◆ Work order ◆
Drop every image and restate the entries below word for word.

◆ Data extract ◆
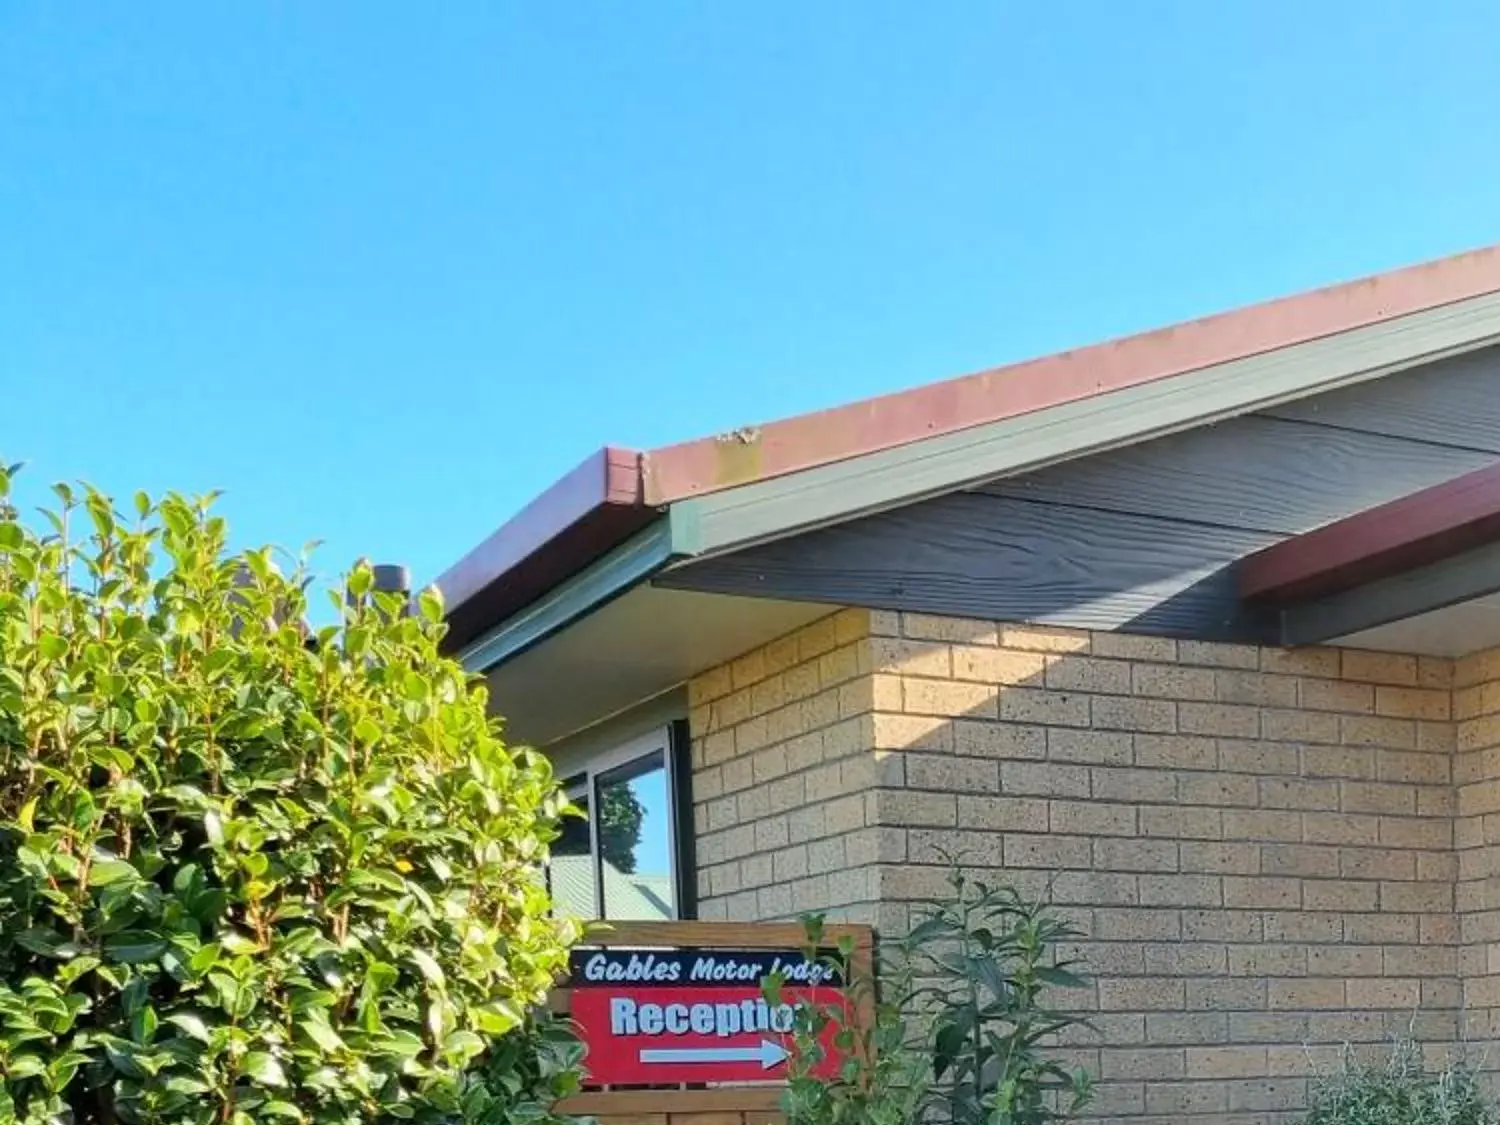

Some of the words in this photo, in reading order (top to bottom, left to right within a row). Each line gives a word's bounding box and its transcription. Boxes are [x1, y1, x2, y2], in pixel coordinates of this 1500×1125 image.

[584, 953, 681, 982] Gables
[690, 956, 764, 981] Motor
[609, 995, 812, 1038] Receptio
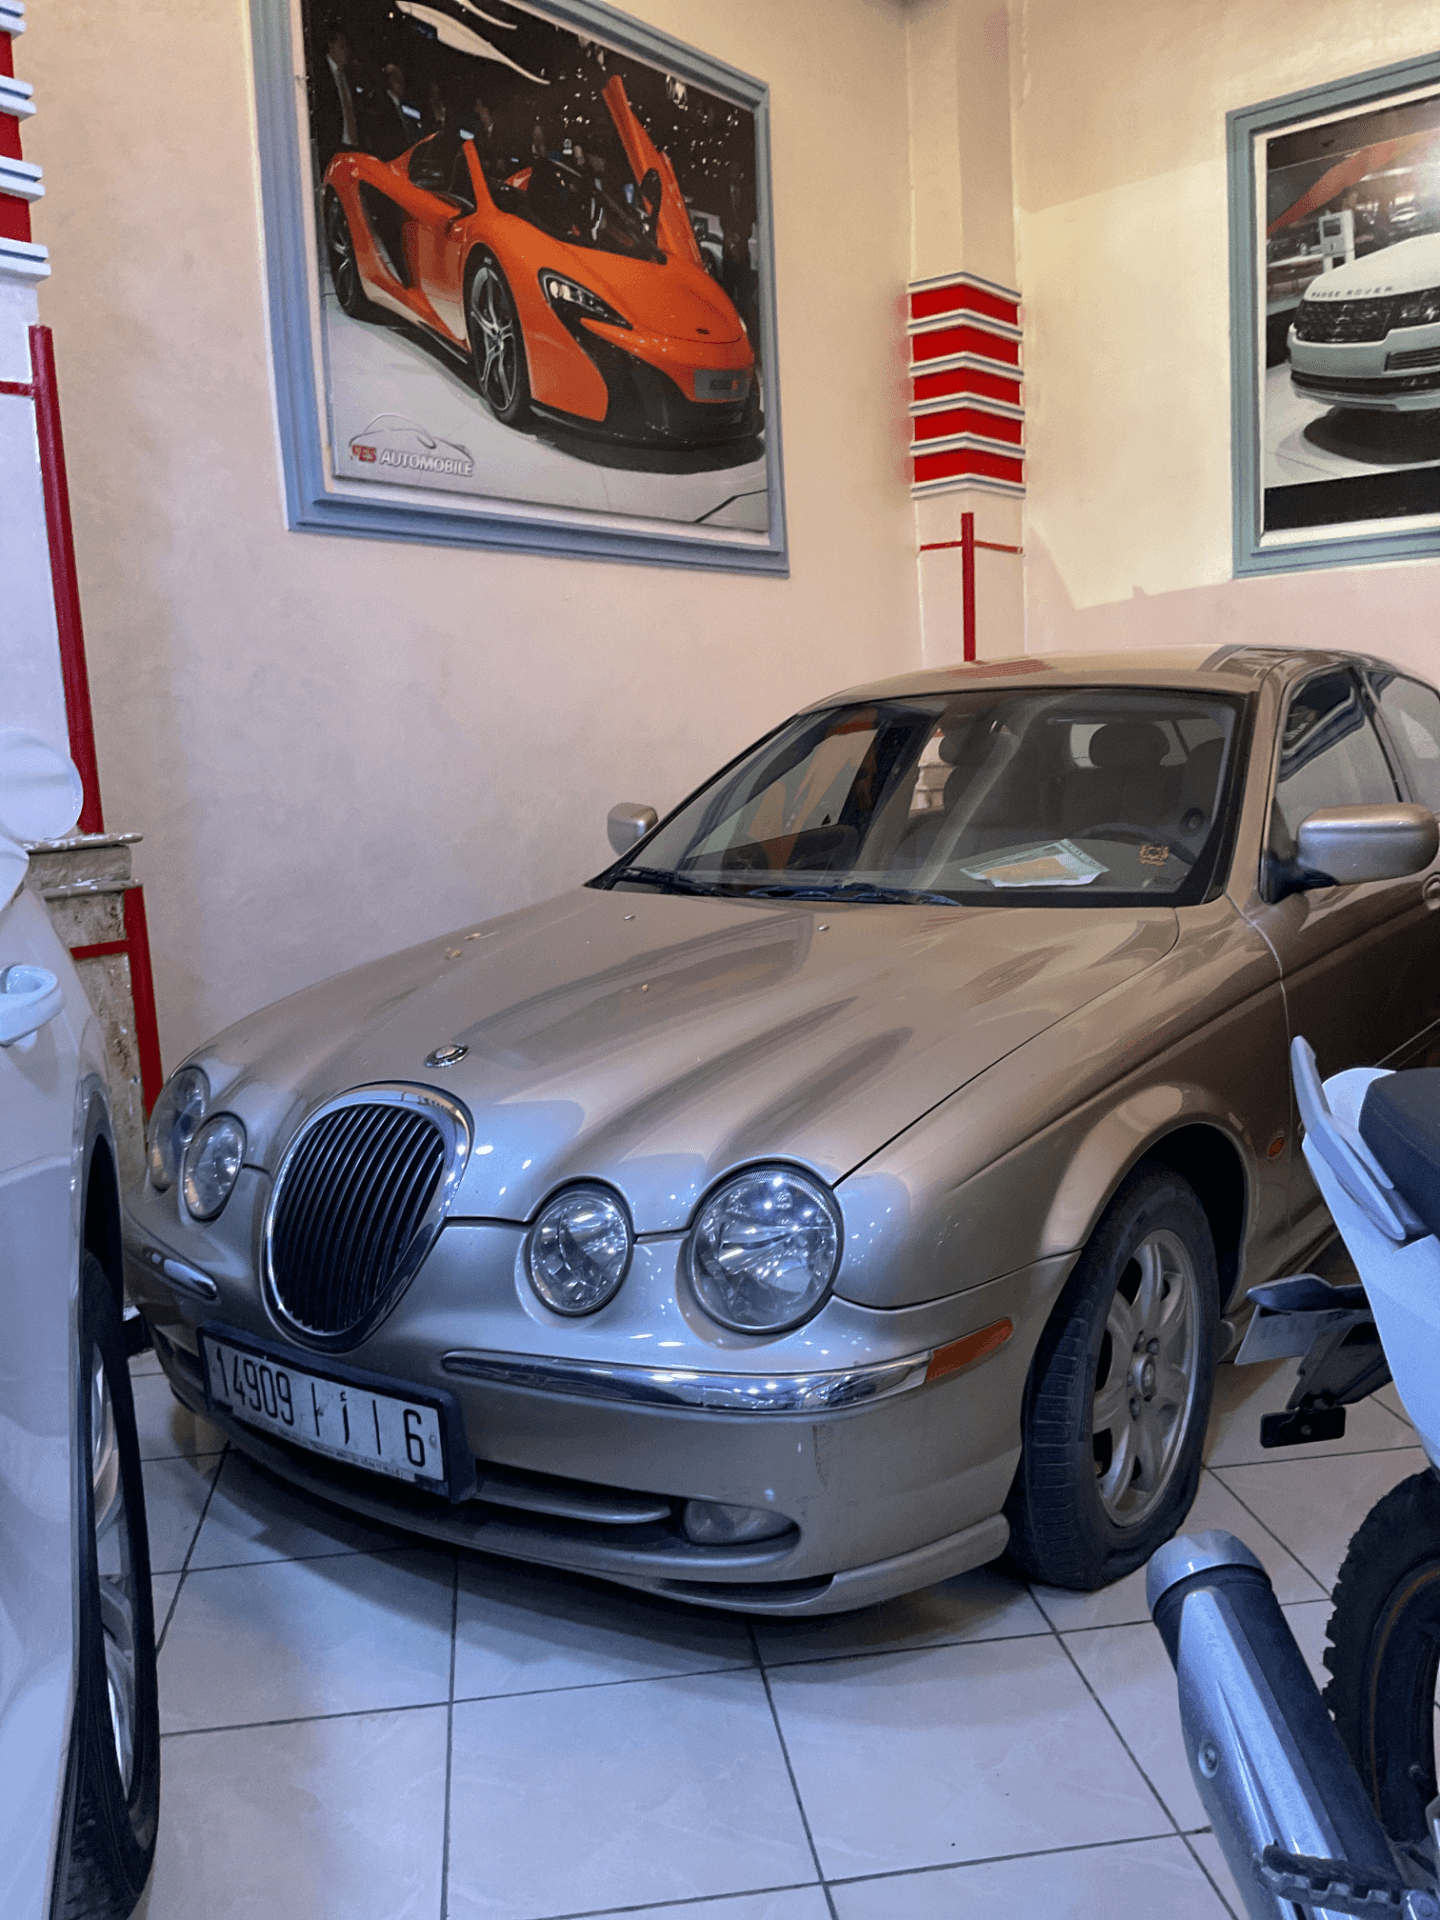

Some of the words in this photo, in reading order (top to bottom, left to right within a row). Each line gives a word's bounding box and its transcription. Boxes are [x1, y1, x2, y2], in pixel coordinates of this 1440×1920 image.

◆ Response to this task ◆
Some of the words in this photo, in reading order (top to bottom, left to right within a row). Each line gives a word's bounding box and its transcription. Boxes are [x1, y1, x2, y2], in pixel coordinates of this 1500×1125 image.

[584, 953, 681, 982] Gables
[690, 956, 764, 981] Motor
[609, 995, 812, 1038] Receptio

Some of the words in this photo, in reading order (top to bottom, left to right within a row). Each line gives a word's bounding box and its transcription. Boxes are [x1, y1, x2, y2], in pixel coordinates of this 1440×1920 image.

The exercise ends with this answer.